Neither the upstream or AMD’s ROCm fork compile: See: https://github.com/facebookresearch/xformers/issues/1026

We need to compile from code

# Make sure we have the ROCm version of PyTorch
pip install --pre torch torchvision torchaudio --index-url https://download.pytorch.org/whl/nightly/rocm6.0

# You can double check
python -c "import torch; print(torch.version.hip)"

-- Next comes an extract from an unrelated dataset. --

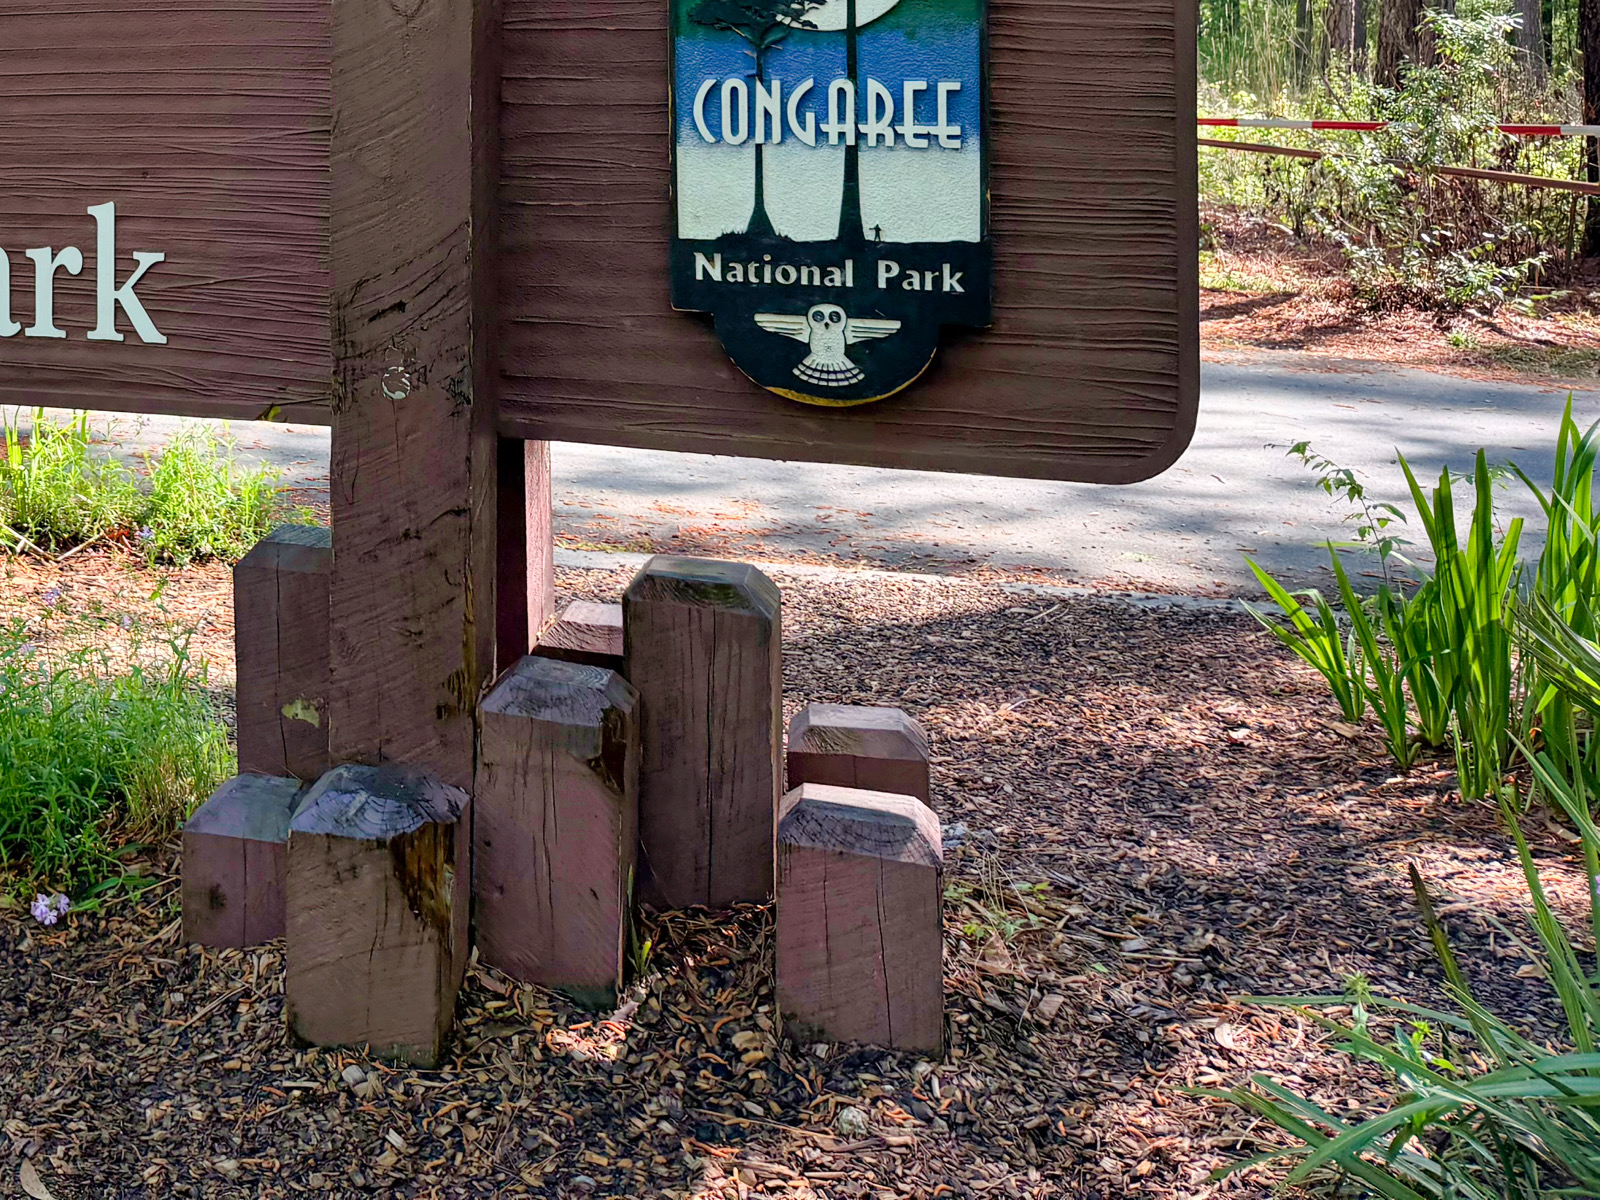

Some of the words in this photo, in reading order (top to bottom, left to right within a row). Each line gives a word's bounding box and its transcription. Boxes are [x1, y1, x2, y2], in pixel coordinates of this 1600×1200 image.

# Install from source - on a Ryzen 5600G takes ~
pip install ninja
# pip install -v -U git+https://github.com/facebookresearch/xformers.git@main#egg=xformers

pip wheel -v --no-build-isolation git+https://github.com/ROCm/xformers.git@main#egg=xformers


# Double check
python -m xformers.info

bitsandbytes (works)

ROCM fork works (0.44.0.dev0)

pip install --pre torch torchvision torchaudio --index-url https://download.pytorch.org/whl/nightly/rocm6.0

git clone --recurse https://github.com/ROCm/bitsandbytes
cd bitsandbytes
git checkout rocm_enabled
pip install -r requirements-dev.txt
cmake -DCOMPUTE_BACKEND=hip -DBNB_ROCM_ARCH="gfx1100" -S .
make
pip install .
  • Only 1% difference w/ FA2 2.0.4-rocm-howiejay
  • About 3min to load 70B model (132GiB), 40GiB memory, 3.3 tok/s bs=1 inference speed

vllm (works w/ no FA)

I was able to build the latest main:HEAD as of 2024-05-01 (failed a couple weeks prior)

# To build vllm on ROCm 6.0 for Radeon RX7900 series (gfx1100), you should specify BUILD_FA as below:
docker build --build-arg BUILD_FA="0" -f Dockerfile.rocm -t vllm-rocm .
  • This took about 45 minutes to build (Ryzen 5600G CPU)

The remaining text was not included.